Nigeria and cheating at age-grade competitions
I write today after being on AWOL (away without leave) for about a fortnight. Apologies to my readers. I was indisposed. This week I am writing on a very sensitive subject, one which Nigeria has been guilty of for many decades. That is the issue of cheating with respect to age-grade competitions like the Under-17, Under-20 and Under-23.
On a recurring basis, we prosecute these championships with over-age players with the ‘win-at-all-cost’ mentality forgetting that these tourneys are mere developmental and are intended to unearth future stars. Nigeria fields players who have played in the local league for years and parade them as U-17 and does the same for the U-20-23, with players who were involved in the same championships and are not eligible for the next competition paraded again. All the officials do is procure new passports for the players but forget FIFA has the records.
When we win, we celebrate forgetting we are merely celebrating mediocrity as these players never get to play for the senior national team as they were well beyond their years from the outset. Today the likes of Iker Casillas of Spain and Real Madrid, Messi of Argentina and Barcelona, to mention a few, are leading lights for club and country almost a decade after taking part in youth tourneys. Where are ours? They have been cut out and are off the football radar and gone into extinction, save for a few exceptions like Mikel Obi.

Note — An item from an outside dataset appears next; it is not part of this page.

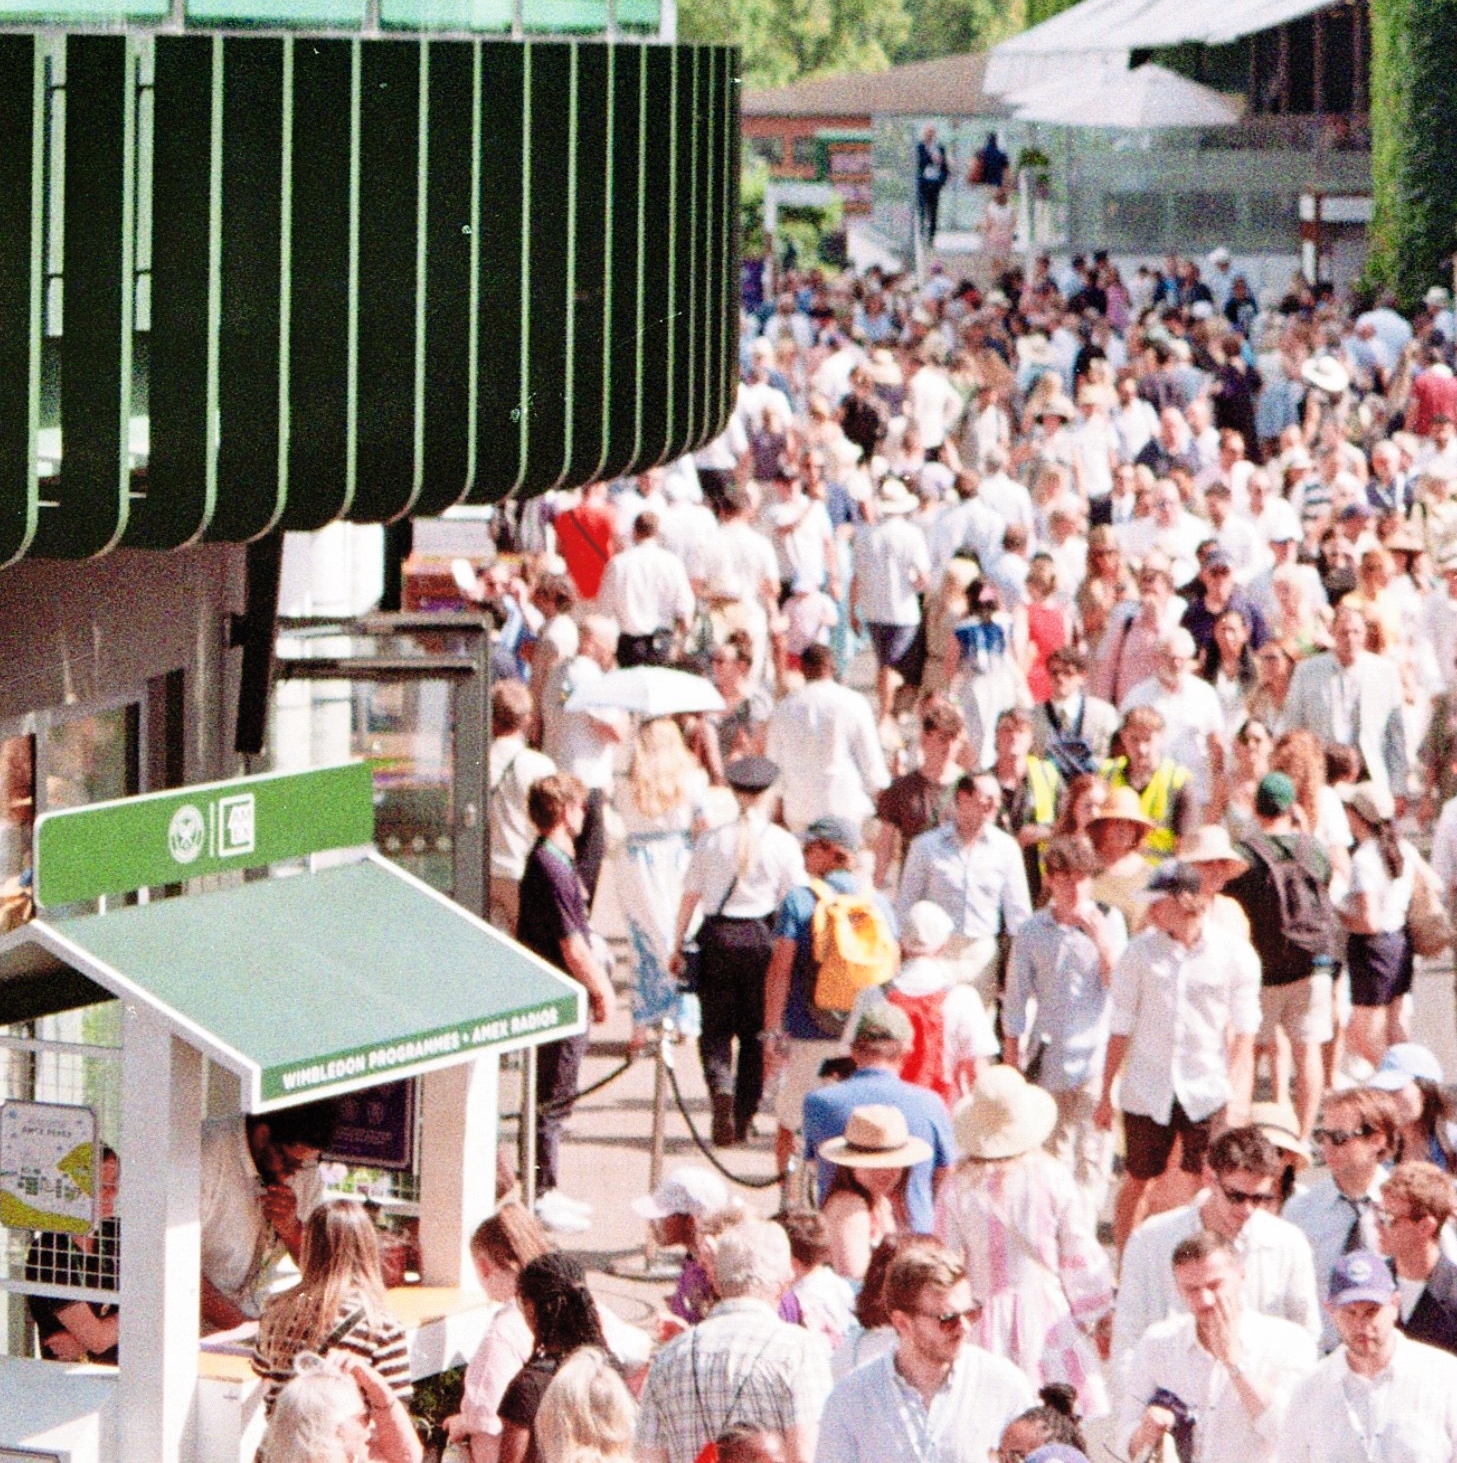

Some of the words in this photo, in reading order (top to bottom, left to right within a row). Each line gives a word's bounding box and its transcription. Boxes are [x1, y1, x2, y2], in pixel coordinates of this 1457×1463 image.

[282, 1055, 367, 1090] WIMBLEDON
[369, 1032, 461, 1068] PROGRAMMES
[472, 1019, 510, 1042] AMEX
[512, 1007, 560, 1038] RADIOS

Our win-at-all-cost mentality is killing our football as genuine promoters of the game with soccer academies from where young talents can be got and nurtured for these tourneys are neglected for older players who eventually help sometimes to win the competitions but fade out after a couple of years as they had reached their peak with the youth teams and cannot give more when invited to the senior national teams, if they ever make it there.

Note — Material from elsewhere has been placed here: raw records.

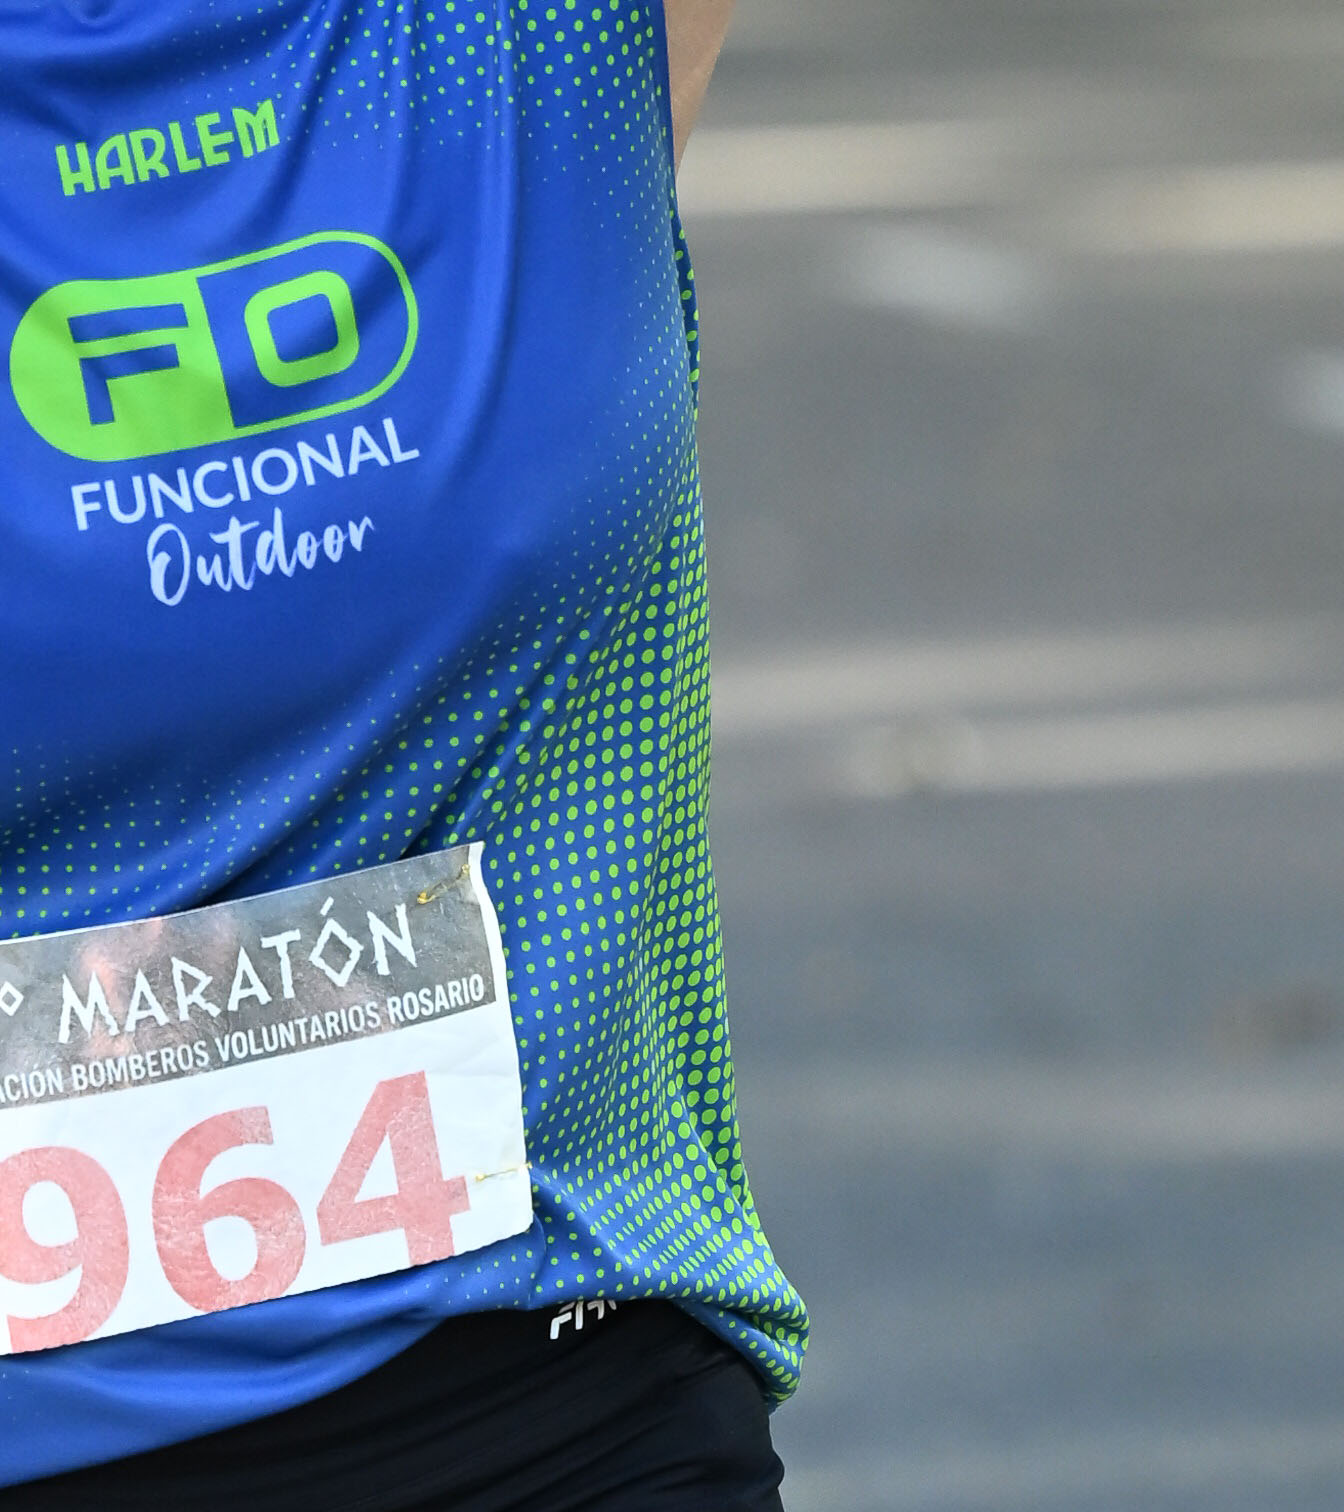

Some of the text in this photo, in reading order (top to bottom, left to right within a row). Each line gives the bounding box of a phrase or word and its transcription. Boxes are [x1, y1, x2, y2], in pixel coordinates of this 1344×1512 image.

[56, 99, 280, 196] HARLEM
[71, 417, 419, 531] FUNCIONAL
[146, 507, 375, 606] Outdoor
[58, 896, 418, 1044] MARATÓN
[71, 1040, 210, 1091] BOMBEROS
[214, 1001, 381, 1063] VOLUNTARIOS
[387, 974, 485, 1025] ROSARIO

One is alarmed that a player who says he is 17 is already a father of 2-3 kids (though biologically possible) when he should be a budding youth and fresh from secondary school, but we do not really care and the NFF is culpable here. YSFON, Academicals and soccer academies who should provide the raw materials for these tourneys are not given the chance due to the shortsightedness of our administrators who believe only in the now and not in the future. Have you ever wondered that while in the developing world we screen these games on primetime and pay massively for TV rights, the likes of England, France and other developed countries merely report the results and show clips of the games. This is because they see it as developmental and an avenue to groom future stars from the production mill.

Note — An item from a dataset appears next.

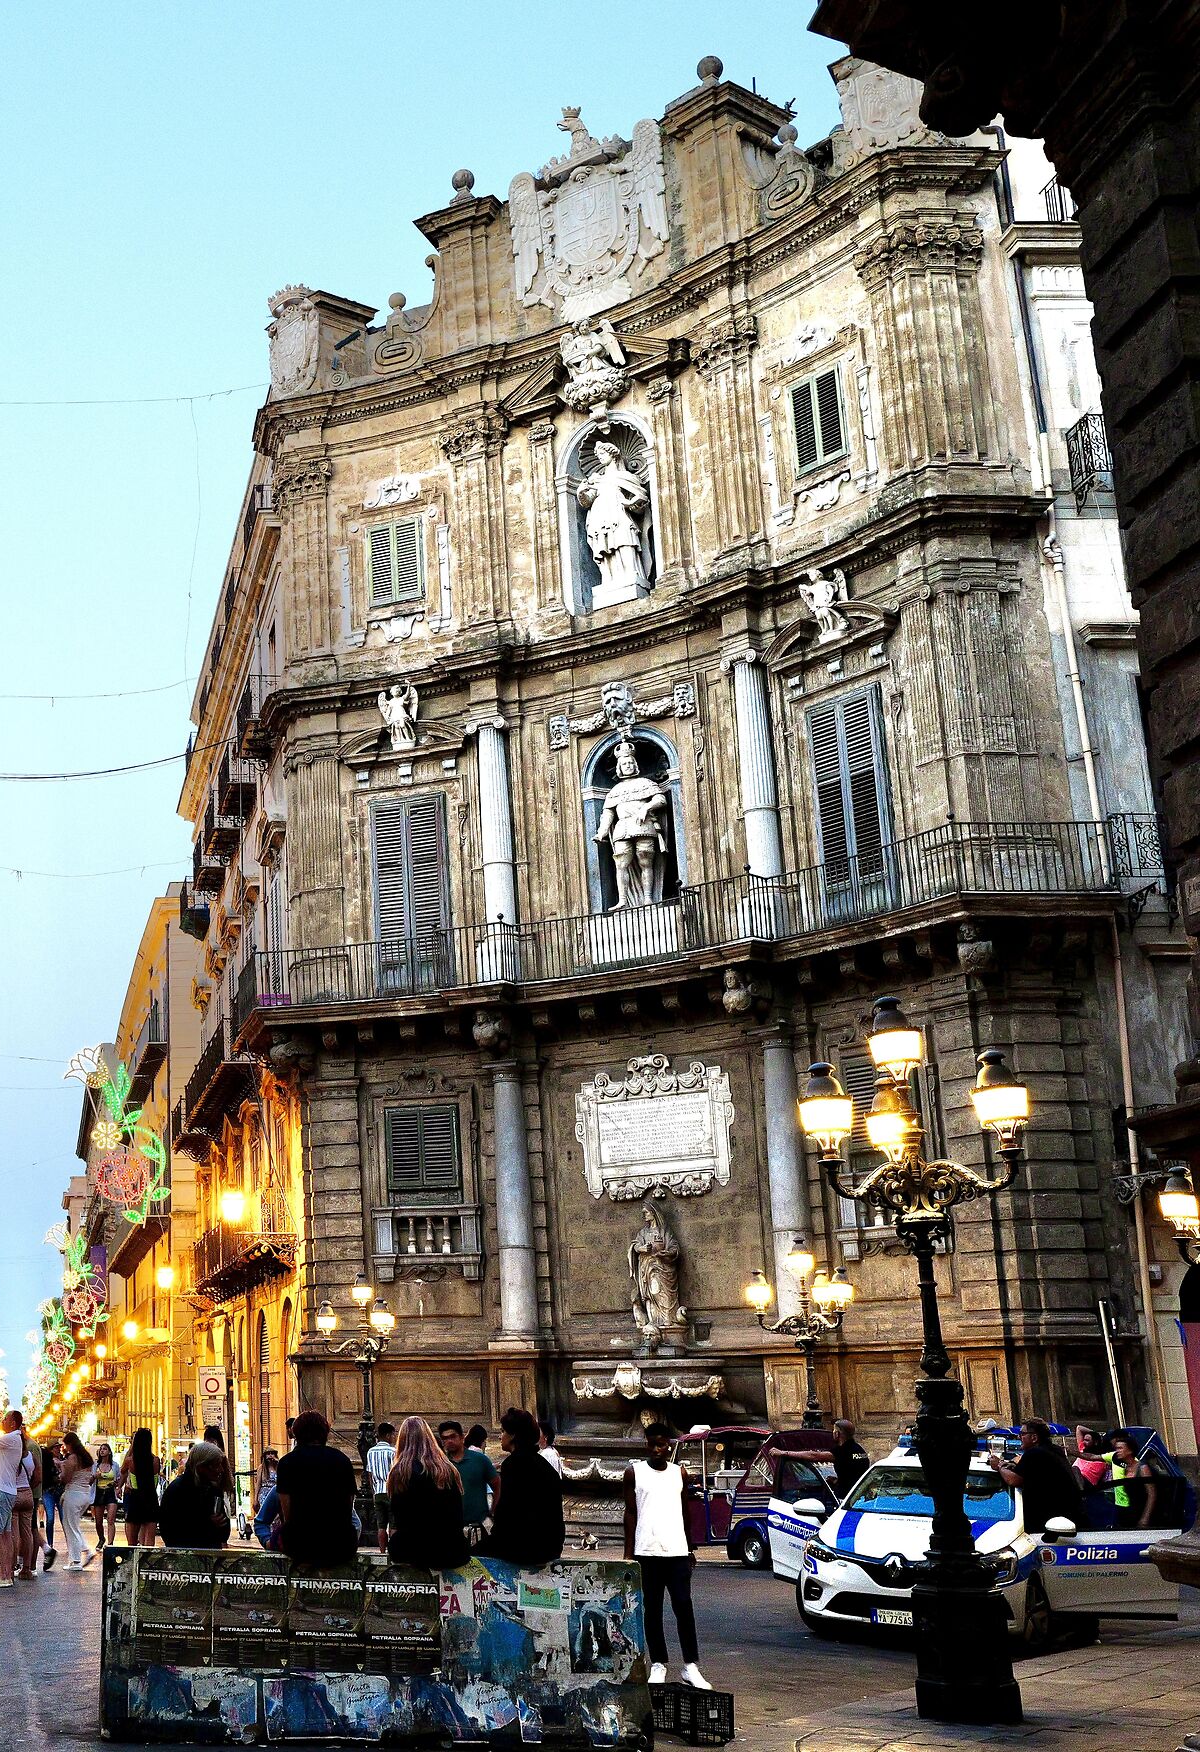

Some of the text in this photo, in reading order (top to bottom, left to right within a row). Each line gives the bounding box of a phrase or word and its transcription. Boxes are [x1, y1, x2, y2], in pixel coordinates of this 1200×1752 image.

Our mentality towards age-grade competitions must change if we want to develop our football. Our football eggheads must rely on the soccer academies that abound in the country and shun players who have been playing in the league for upwards of 5-6 years. Our football will only retrogress and we will never get any joy year in, year out, from the competitions we participate in. We should learn from our past mistakes by looking at the statistics of how many players have gone through the mill and excelled after these respective age group tournaments. They are very few and far between.
It is important to catch them young and nurture them. A word is enough for the wise. It is important to note that ‘for our tomorrow we must give our today’. Hope the authorities are listening.